One particular advantage of spikes in this context is that they produce a looser form of coupling between neurons in general: with rate code neurons, once a pattern of activity gets established, it is very hard for something different to break through. The active neurons are constantly firing, constantly dominating the "conversation", and don't allow anyone else to get a word in edgewise. By contrast, spiking neurons are only periodically communicating, leaving lots of gaps where new signals can assert themselves, and their attractor states are thus much more porous and flexible. Furthermore, spikes famously allow for more fine-grained timing dynamics to significantly affect communication efficacy: synchronous firing over a population of neurons results in temporal summation of excitatory currents, whereas that same spiking pattern distributed more uniformly across time has much less effect. Thus, bursting and synchrony dynamics allow for a much deeper effective dynamic range of signaling. This is particularly important in enabling plus-phase activation signals carrying outcome signals to penetrate effectively into deep networks.

Despite these advantages, the spiking networks still exhibit strong hog-unit tendencies, but mechanisms inspired directly from known biology, along with longstanding computational principles, have provided effective ways of managing them. Spiking networks obviously are also just much more noisy than rate code models, so we can't reasonably expect perfect, deterministic performance from them. Thus, it is essential to use more robust error measures, and more lenient expectations for overall performance.

Zero-sum weight changes and Synaptic Scaling

Based on the cogent analysis of Schraudolph (1998), it is important to keep neurons in their sensitive dynamic range, and prevent any DC or main effect component of the learning signal to blot out meaningful residual patterns of sensitivity. This can be done by various forms of "centering", i.e., subtracting the mean.

Thus, we enforce zero-sum synaptic weight changes, such that the mean synaptic weight change across the synapses in a given neuron's receiving projection is subtracted from all such computed weight changes. The Prjn.Learn.XCal.SubMean parameter controls how much of the mean DWt value is subtracted: 1 = full zero sum, which works the best. There is significant biological data in support of such a zero-sum nature to synaptic plasticity (cites).

Schraudolph notes that a bias weight is ideal for absorbing all of the DC or main effect signal for a neuron. Biologically, Gina Turrigiano has discovered extensive evidence for synaptic scaling mechanisms that dynamically adjust for changes in overall excitability or mean activity of a neuron across longer time scales (e.g., as a result of monocular depravation experiments). Furthermore, she found that there is a range of different target activity levels across neurons, and that each neuron has a tendency to maintain its own target level.
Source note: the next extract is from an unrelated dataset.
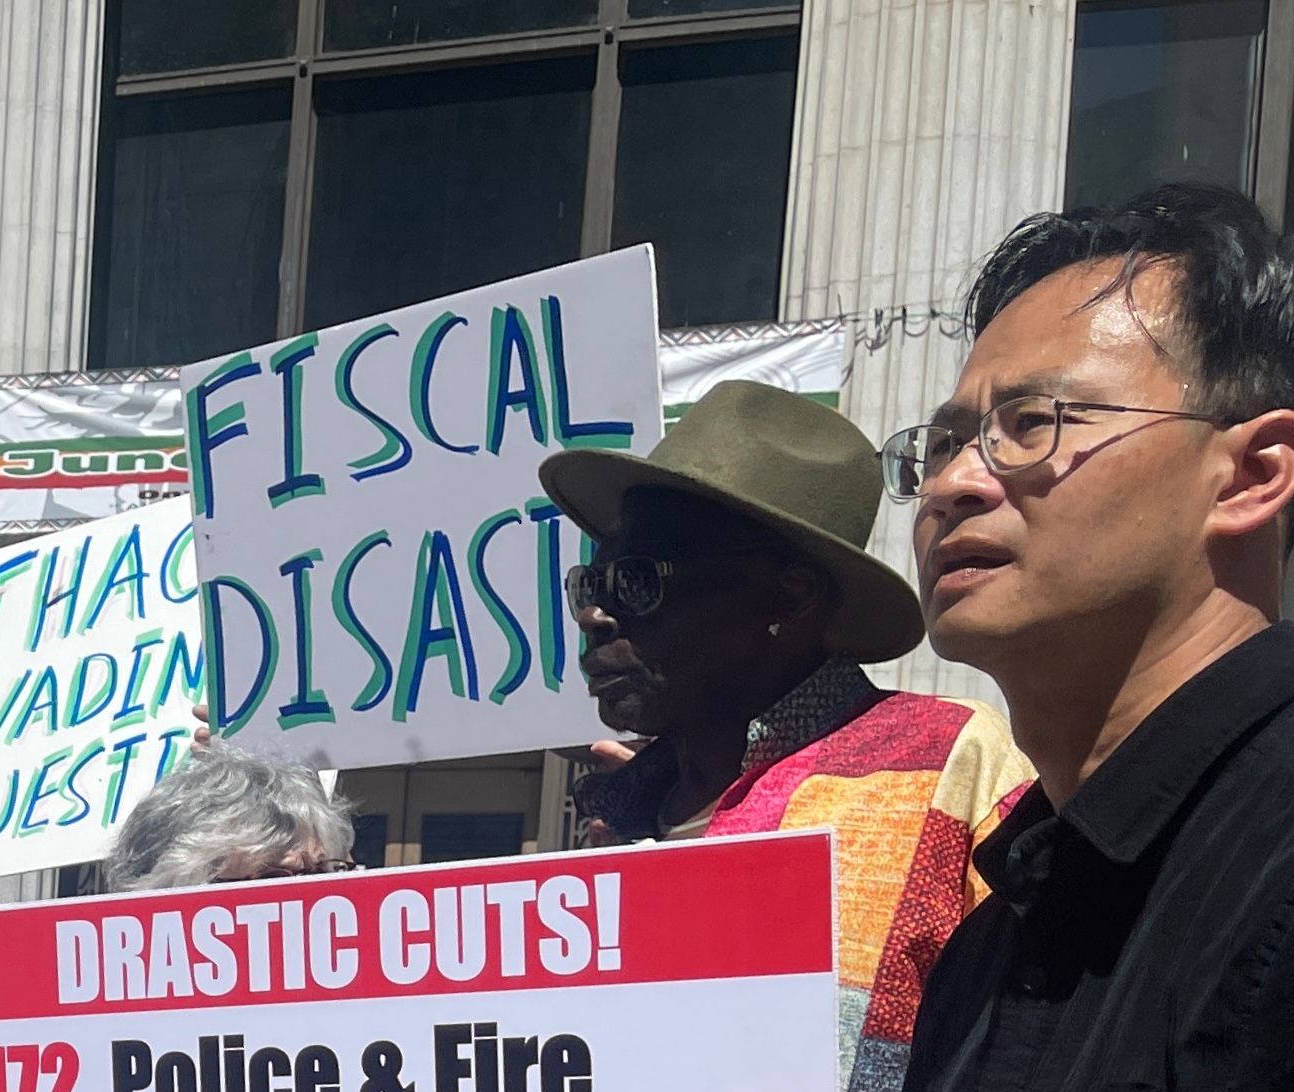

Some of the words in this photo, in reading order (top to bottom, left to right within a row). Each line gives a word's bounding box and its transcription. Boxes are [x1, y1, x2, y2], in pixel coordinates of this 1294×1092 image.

Thus, we implemented a simple form of this mechanism by giving each neuron its own target average activity level (TrgAvg), and then monitoring its activity over longer time scales (ActAvg and AvgPct as a normalized value) and scaling the overall synaptic weights to maintain this level. This is similar to a major function performed by the BCM learning algorithm in the Leabra framework, but we found that by moving this mechanism into a longer time-scale outer-loop mechanism (consistent with Turigiano's data), it worked much more effectively. In short, the BCM learning ended up interfering with the error-driven learning signal, and required relatively quick time-constants to adapt responsively as a neuron's activity started to change.
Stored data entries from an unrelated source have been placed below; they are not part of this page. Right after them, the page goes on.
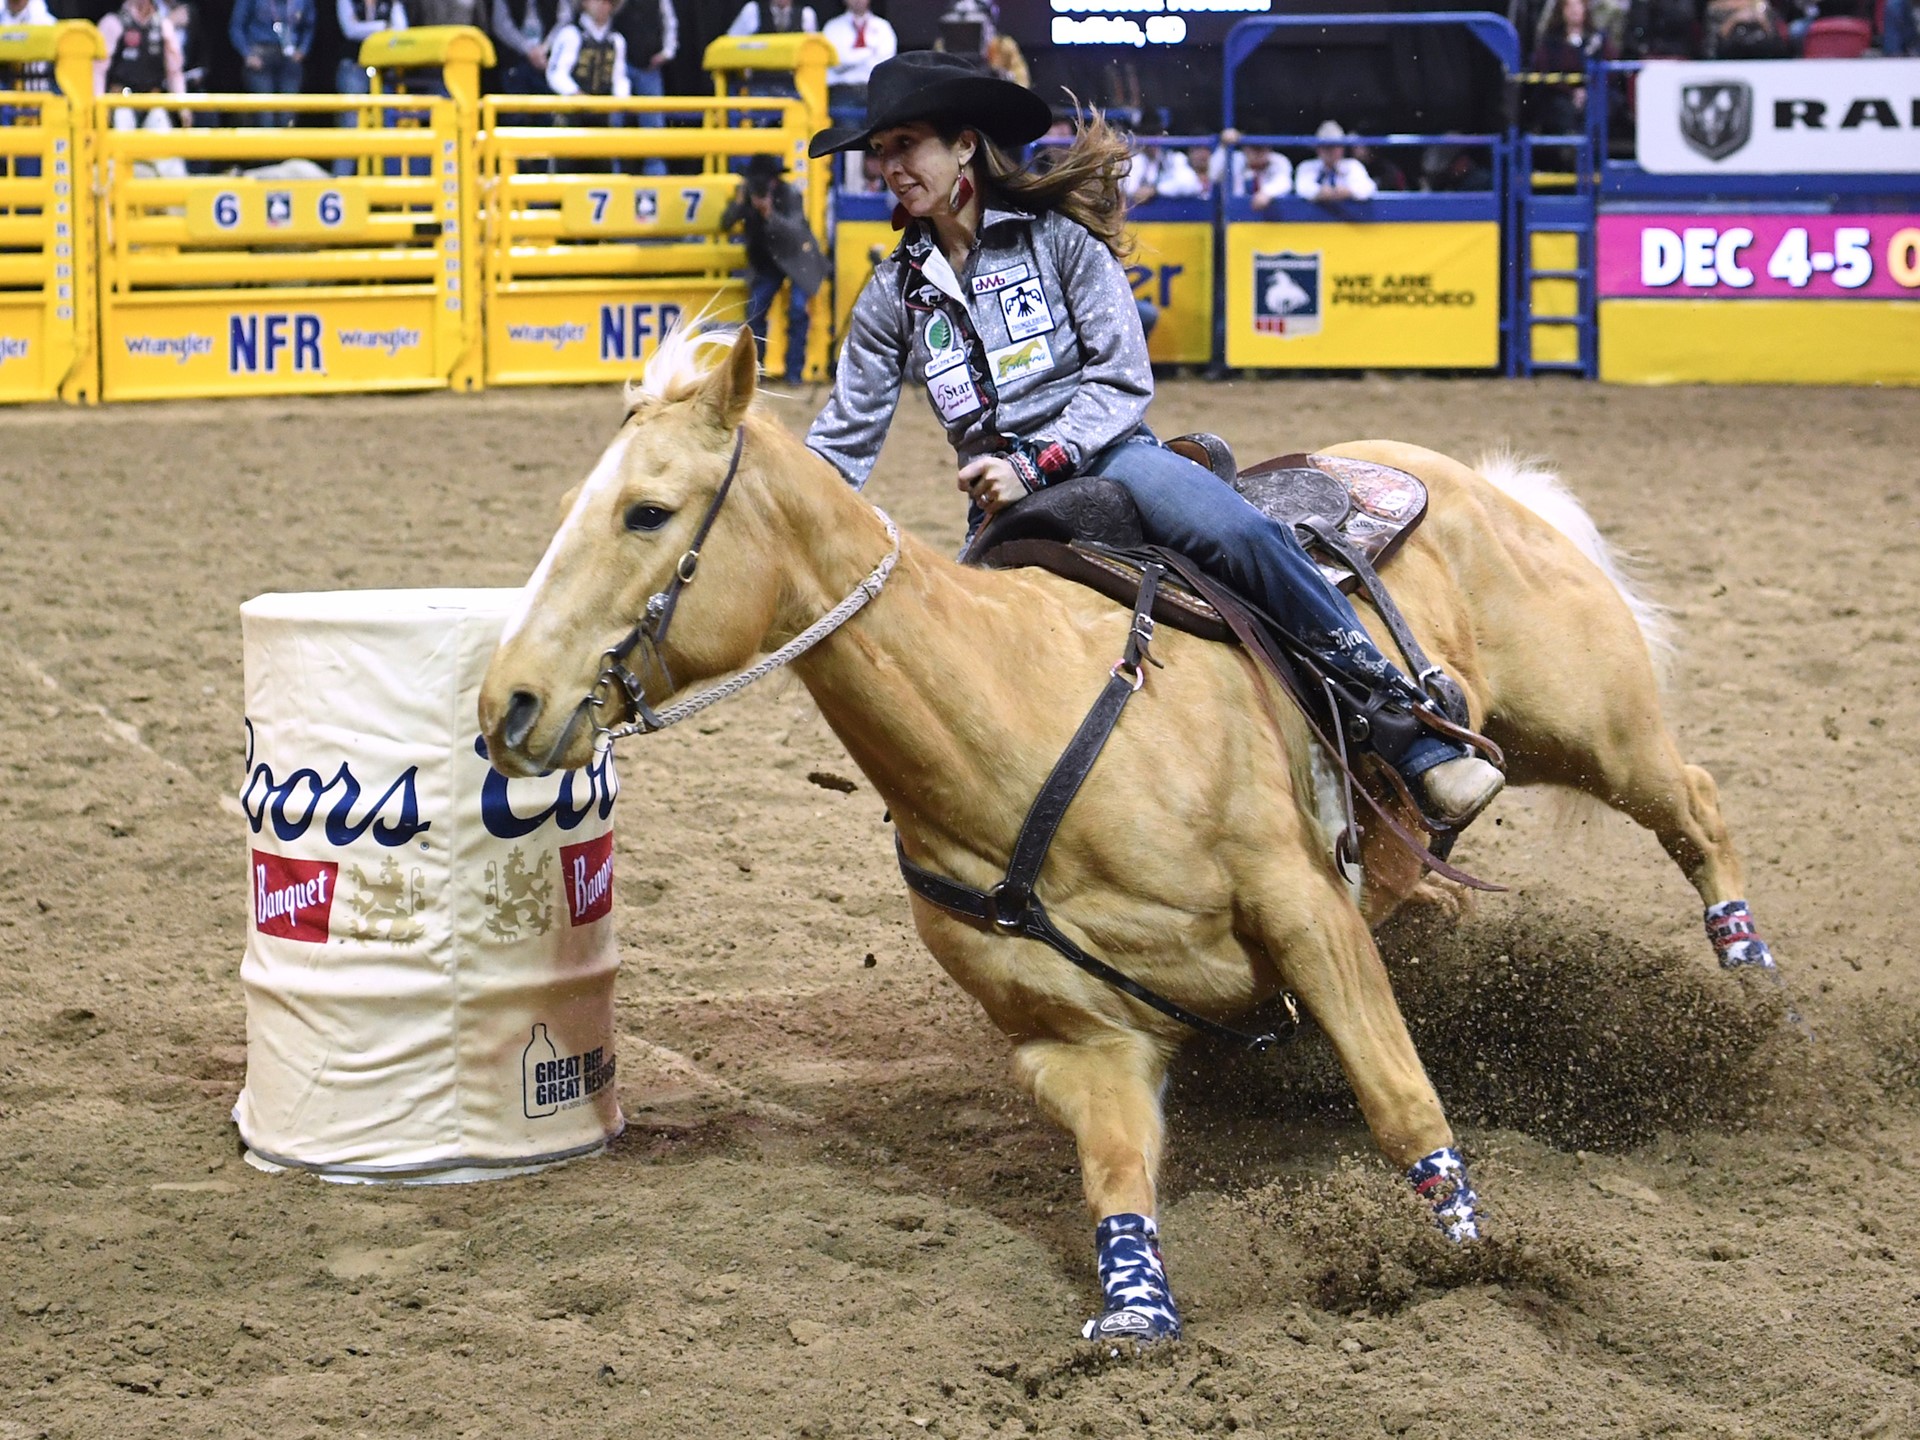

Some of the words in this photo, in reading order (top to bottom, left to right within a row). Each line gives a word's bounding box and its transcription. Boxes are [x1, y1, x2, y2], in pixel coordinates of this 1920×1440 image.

[214, 194, 239, 228] 6
[318, 191, 343, 225] 6
[589, 190, 610, 222] 7
[683, 190, 703, 221] 7
[1640, 227, 1754, 287] DEC
[1767, 227, 1873, 288] 4-5
[1333, 274, 1372, 288] WE
[1383, 274, 1432, 288] ARE
[1332, 292, 1475, 306] PRORODEO
[230, 314, 322, 371] NFR
[256, 864, 328, 927] Banquet
[535, 1055, 581, 1084] GREAT
[536, 1077, 581, 1106] GREAT
To allow this target activity signal to adapt in response to the DC component of a neuron's error signal, the local plus - minus phase difference (ActDif) drives (in a zero-sum manner) changes in TrgAvg, subject also to Min / Max bounds. These params are on the Layer in Learn.SynScale.

Dopamine-like neuromodulatory control over learning rate

Plus phase pattern can be fairly different from minus phase, even when there is no error. This erodes the signal to noise ratio of learning. Dopamine-like neuromodulatory control over the learning rate can compensate, by ramping up learning when an overall behavioral error is present, while ramping it down when it is not. The mechanism is simple: there is a baseline learning rate, on top of which the error-modulated portion is added.

Minor but Important

There are a number of other more minor but still quite important details that make the models work.
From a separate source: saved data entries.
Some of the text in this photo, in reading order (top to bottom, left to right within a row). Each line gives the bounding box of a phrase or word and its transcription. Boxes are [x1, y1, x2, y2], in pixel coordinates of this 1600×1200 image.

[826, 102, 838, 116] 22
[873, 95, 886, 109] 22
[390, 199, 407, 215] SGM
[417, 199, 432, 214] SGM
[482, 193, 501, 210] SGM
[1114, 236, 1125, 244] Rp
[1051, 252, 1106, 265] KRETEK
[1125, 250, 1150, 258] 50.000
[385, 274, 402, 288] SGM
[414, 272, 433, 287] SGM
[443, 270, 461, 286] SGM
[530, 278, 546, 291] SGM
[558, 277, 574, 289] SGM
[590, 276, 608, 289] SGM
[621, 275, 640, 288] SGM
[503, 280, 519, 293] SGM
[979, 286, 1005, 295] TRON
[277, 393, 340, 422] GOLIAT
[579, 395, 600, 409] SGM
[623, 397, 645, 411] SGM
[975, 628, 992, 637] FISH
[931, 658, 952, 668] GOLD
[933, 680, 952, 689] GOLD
• Current clamping the inputs. Initially, inputs were driven with a uniform Poisson spike train based on their external clamped activity level. However, this prevents the emergence of more natural timing dynamics including the critical "time to first spike" for new inputs, which is proportional to the excitatory drive, and gives an important first-wave signal through the network. Thus, especially for complex distributed activity patterns, using the GeClamp where the input directly drives Ge in the input neurons, is best.

• Shortcut connections. These are ubiquitous in the brain, and in deep networks, they are essential for moderating the tendency of the network to have wildly oscillatory waves of activity and silence in response to new inputs. Weaker, random short-cuts allow a kind warning signal for impending inputs, diffusely ramping up excitatory and inhibitory activity.

• Direct adaptation of projection scaling. This is very technical, but important, to maintain neural signaling in the sensitive, functional range, despite major changes taking place over the course of learning. In Leabra, each projection was scaled by the average activity of the sending layer, to achieve a uniform contribution of each pathway (subject to further parameterized re-weighting), and these scalings were updated continuously as a function of running-average activity in the layers. However, the mapping between average activity and scaling is not perfect, and it works much better to just directly adapt the scaling factors themselves. There is a target Act.GTarg.GeMax value on the layer, and excitatory projections are scaled to keep the actual max Ge excitation in that target range, with tolerances for being under or over. In general, activity is low early in learning, and adapting scales to make this input stronger is not beneficial. Thus, the default low-side tolerance is quite wide, while the upper-side is tight and any deviation above the target results in reducing the overall scaling factor. Note that this is quite distinct from the synaptic scaling described above, because it operates across the entire projection, not per-neuron, and operates on a very slow time scale, akin to developmental time in an organism.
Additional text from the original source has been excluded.